The D.C. Circuit is likely to reverse. The D.C. Circuit is one of the most conservative in the country; nine of its thirteen members are Republican appointees, and some are noted conservative ideologues. I would fully expect the D.C. Circuit to adhere to the "traditional concept of sex" approach of Ulane v. Eastern Airlines, 742 F.2d 1081 (7th Cir. 1984).

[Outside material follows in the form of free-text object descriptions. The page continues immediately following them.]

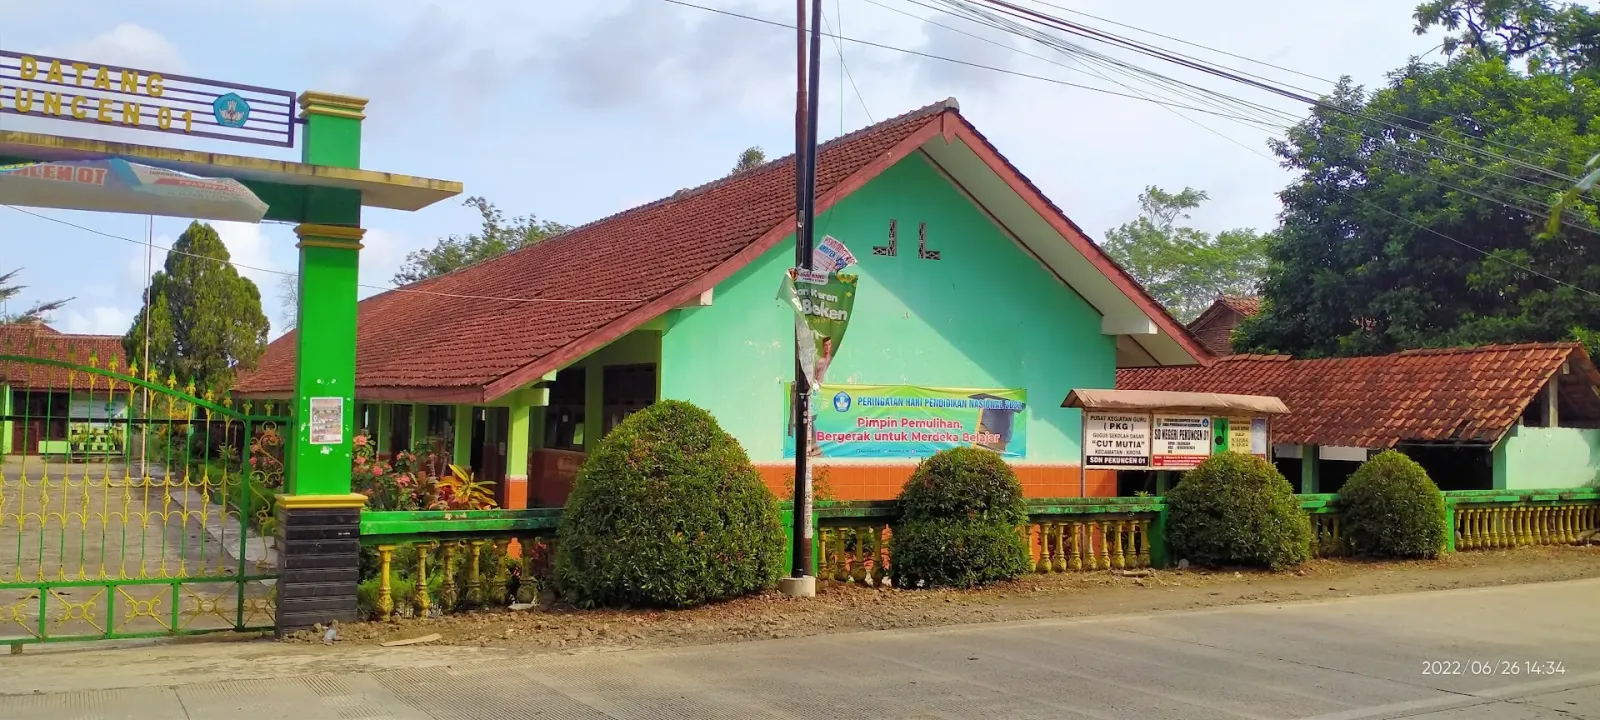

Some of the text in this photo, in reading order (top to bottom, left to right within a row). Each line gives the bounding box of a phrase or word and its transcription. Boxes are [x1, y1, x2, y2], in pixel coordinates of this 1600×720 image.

[20, 55, 165, 97] DATANG
[0, 84, 194, 134] UNCEN 01
[811, 288, 838, 302] Keren
[802, 298, 848, 320] Beken
[857, 397, 903, 407] PERINGATAN
[905, 398, 923, 408] HARI
[925, 398, 967, 408] PENDIDIKAN
[969, 399, 1003, 410] NASIONAL
[857, 417, 963, 430] Pimpin Pemulihan,
[815, 431, 1001, 444] Bergerak untuk Merdeka Belajar
[1154, 428, 1161, 440] SD
[1161, 429, 1179, 440] NEGERI

Other courts could choose to distinguish Schroer. Like Barnes in the Sixth Circuit, this case fits well into the sex stereotyping theory because it involves an employer's reaction to someone who is in the process of gender transition. In both cases, the employer first encounters the plaintiff as male and is prejudiced against her when confronted with her transition and her feminine gender presentation. A court might find that this theory doesn't apply when an employer has only known the plaintiff post-transition, and discrimination occurs when the employer later learns of the transition. In such a case, the court might see it more as discrimination because of the status of being transsexual rather than because of not conforming to expectations for the gender the employer initially saw them as. Then, the court would have to agree with Judge Robertson's theory that discrimination because of transsexuality as such is also sex discrimination, because transsexuality is an aspect of sex - and no other court has yet accepted this theory, even though it is clearly correct.

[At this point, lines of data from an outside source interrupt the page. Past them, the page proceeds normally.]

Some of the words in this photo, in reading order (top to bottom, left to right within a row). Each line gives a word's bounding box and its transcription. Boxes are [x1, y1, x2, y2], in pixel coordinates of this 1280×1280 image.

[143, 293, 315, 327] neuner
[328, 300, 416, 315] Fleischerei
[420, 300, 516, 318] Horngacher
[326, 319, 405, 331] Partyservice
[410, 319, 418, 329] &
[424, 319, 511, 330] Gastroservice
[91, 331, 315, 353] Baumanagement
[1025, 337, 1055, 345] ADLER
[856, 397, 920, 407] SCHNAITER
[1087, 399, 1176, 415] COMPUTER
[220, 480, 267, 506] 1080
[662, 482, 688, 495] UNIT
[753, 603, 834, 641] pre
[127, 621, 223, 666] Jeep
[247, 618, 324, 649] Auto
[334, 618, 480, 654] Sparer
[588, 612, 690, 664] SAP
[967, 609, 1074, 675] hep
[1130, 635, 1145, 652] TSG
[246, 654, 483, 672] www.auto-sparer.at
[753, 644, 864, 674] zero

The Supreme Court could decline to hear the case. As Prof. Leonard observes, the Supreme Court in 2005 declined to hear a similar case out of the Sixth Circuit. However, this does not necessarily mean they will do the same thing again. The Justices may have thought that since the Sixth Circuit's decision represented a departure from older decisions by other circuits, and was based on Supreme Court precedent handed down since those earlier decisions, that the issue might resolve itself without the court's intervention. If the D.C. Circuit affirmed Judge Robertson's ruling, this confirm that the courts of appeals might just sort this out on their own. But if the D.C. Circuit were to reverse in this case, the situation would be different: a clear circuit split on the the application of the most recent applicable precedent.
And if the Supreme Court does hear the case? Gods only know. The Court has only ever heard one case involving a transgender plaintiff, and that 14-year-old decision tells us little about the Justices' predispositions in this area. (Farmer v. Brennan case held that it is unconstitutional for prison authorities to stand idle while prisoners suffer physical and sexual abuse, but set a high bar for such claims.) On the one hand, this is easily the most conservative high court in generations, but its record on employment discrimination is far from all bad; broad pro-employee rulings by the conservative Rehnquist Court made suits like this possible. Judge Robertson's opinion seems tailor-made to appeal to the Court's conservatives - particularly Justice Scalia - with its emphasis on the plain statutory text; it emphasizes that to rule the other way would require placing inferences about legislative intent about the logical meaning of the statute's words. I think this case could go either way before the high court, but it would be far preferable for Congress to clarify the matter first.